START Record excerpts
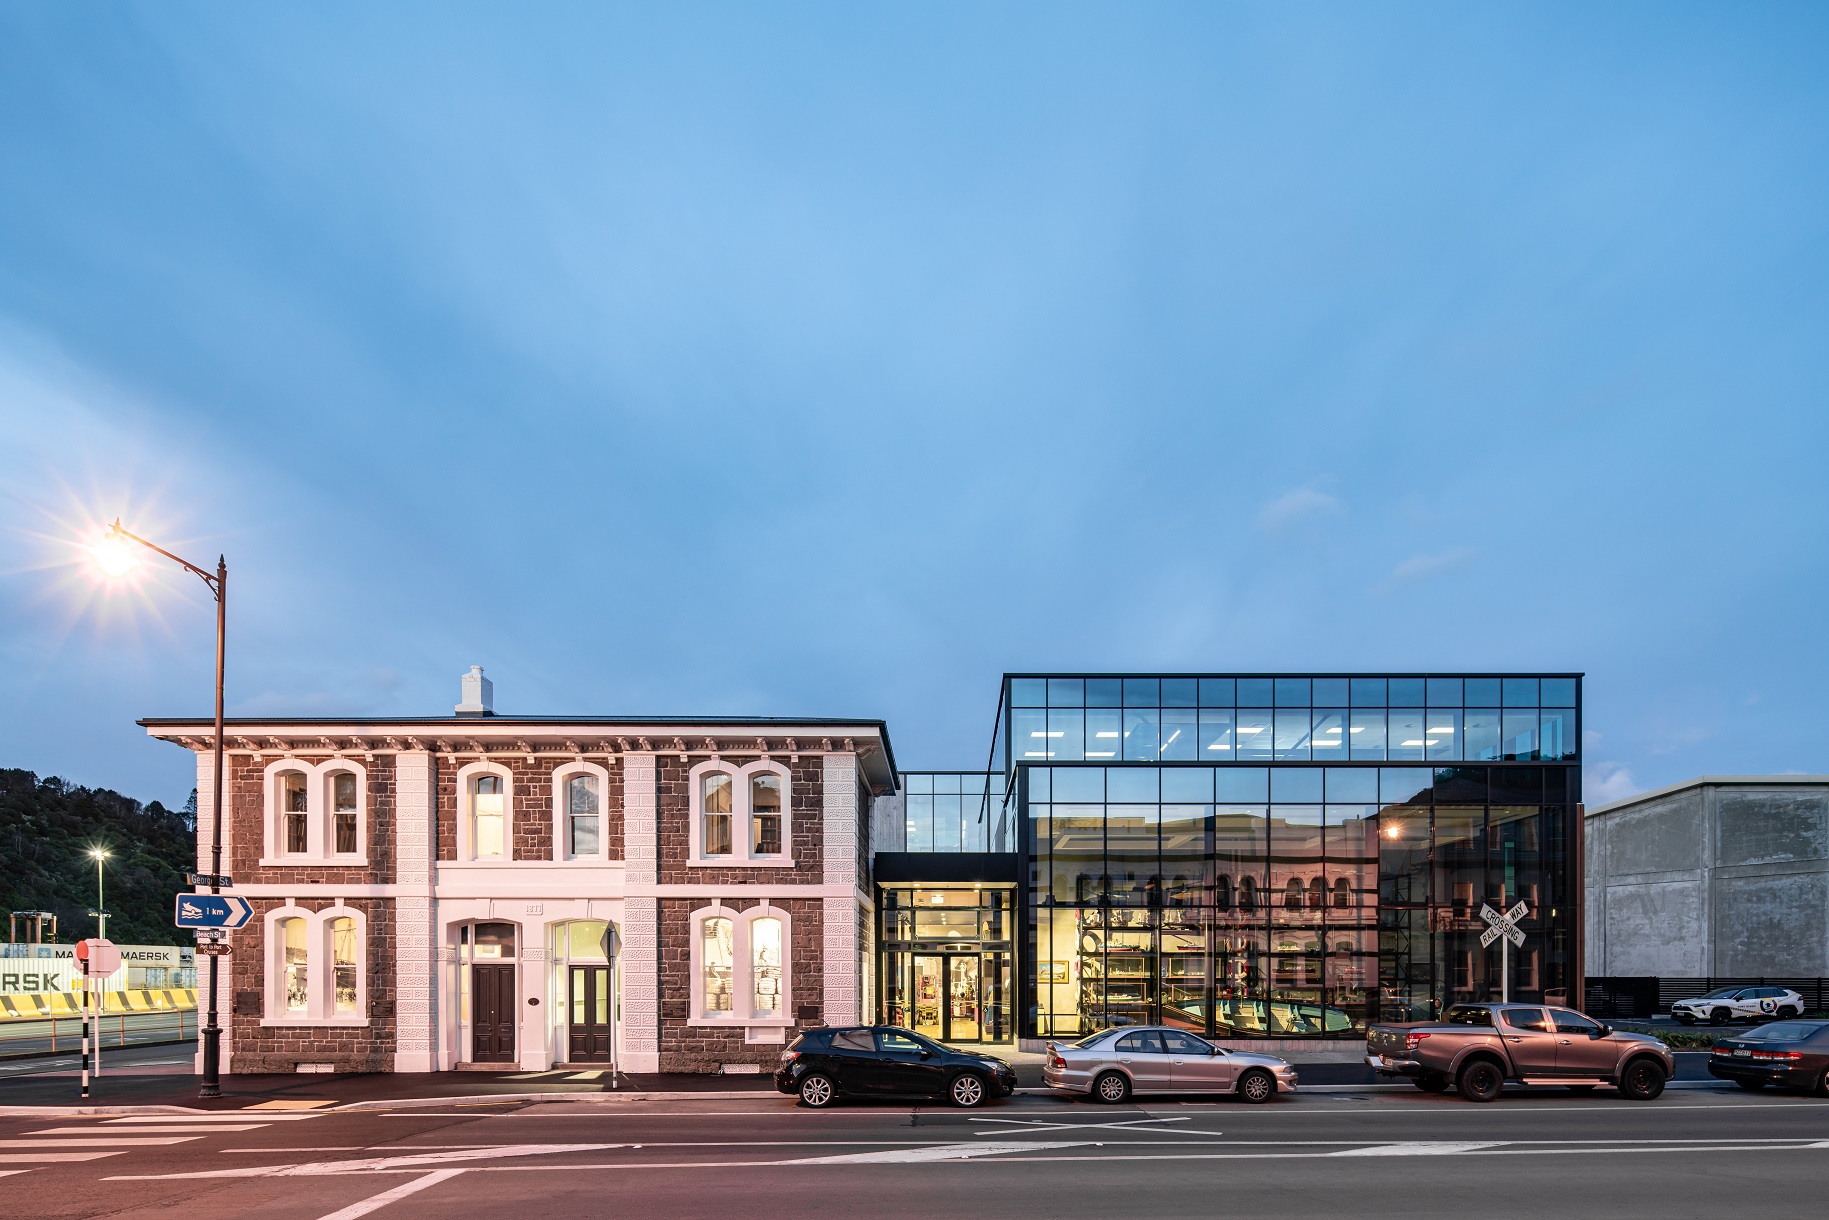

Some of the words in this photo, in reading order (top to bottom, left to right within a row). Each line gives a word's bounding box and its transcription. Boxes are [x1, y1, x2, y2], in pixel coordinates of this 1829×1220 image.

[191, 874, 213, 886] Georg
[219, 876, 229, 886] St
[206, 907, 210, 915] 1
[1482, 928, 1498, 945] RAIL
[1509, 903, 1524, 921] WAY
[1485, 910, 1520, 941] CROSSING
[196, 930, 214, 938] Beach
[121, 951, 170, 961] MAERSK
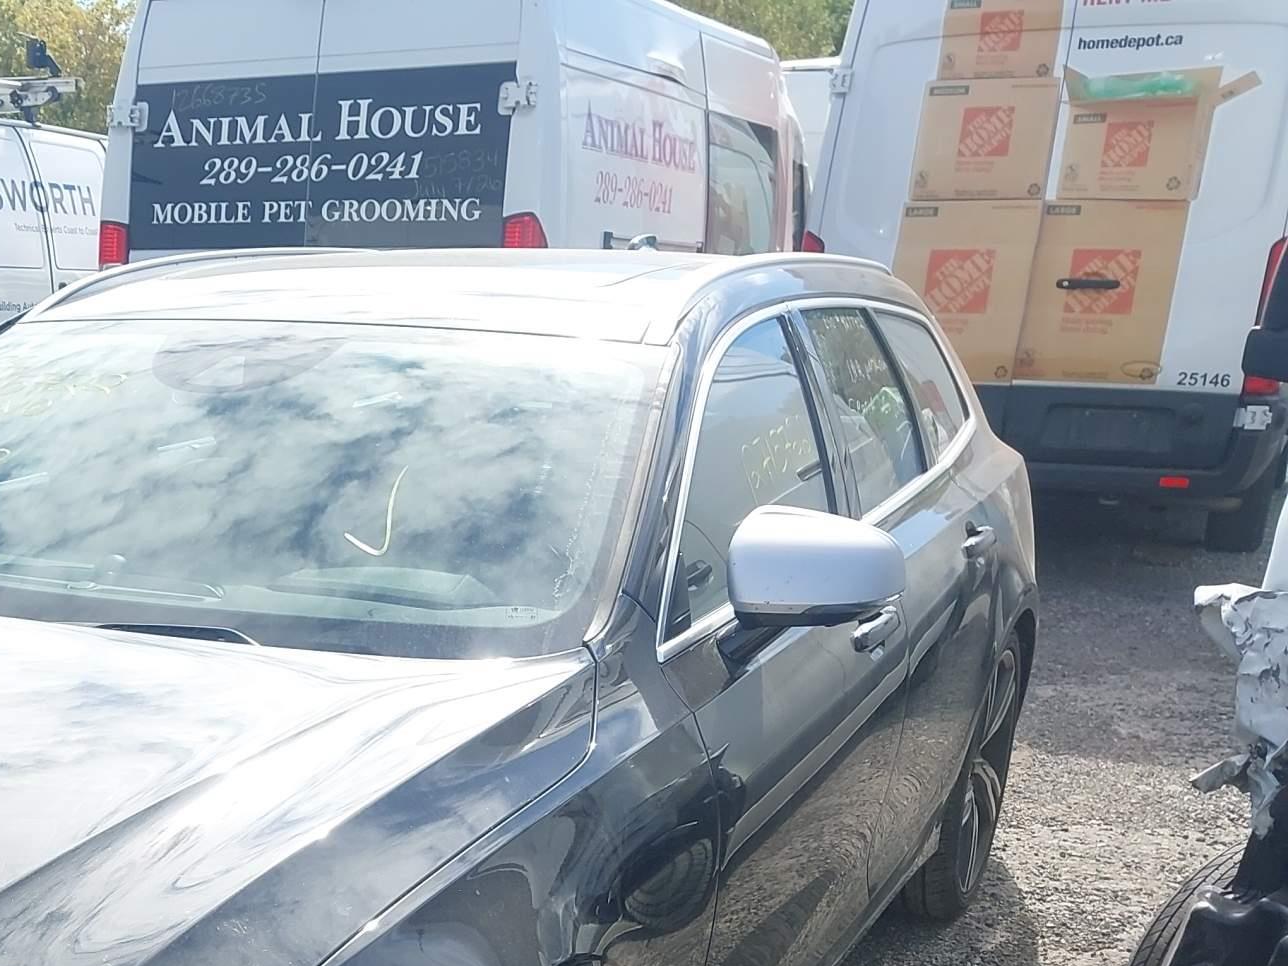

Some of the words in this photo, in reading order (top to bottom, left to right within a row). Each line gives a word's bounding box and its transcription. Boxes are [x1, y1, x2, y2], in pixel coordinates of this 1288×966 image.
END Record excerpts
Since the pictures are not wanted, give the material again exactly without them.

Some of the words in this photo, in reading order (top to bottom, left to right within a row). Each line gives a word's bounding box and its transcription. Boxes are [x1, y1, x2, y2], in pixel coordinates of this 1829×1220 image.

[191, 874, 213, 886] Georg
[219, 876, 229, 886] St
[206, 907, 210, 915] 1
[1482, 928, 1498, 945] RAIL
[1509, 903, 1524, 921] WAY
[1485, 910, 1520, 941] CROSSING
[196, 930, 214, 938] Beach
[121, 951, 170, 961] MAERSK

Some of the words in this photo, in reading order (top to bottom, left to right within a row). Each line gives a word's bounding box and its transcription. Boxes are [x1, y1, x2, y2], in pixel coordinates of this 1288×966 image.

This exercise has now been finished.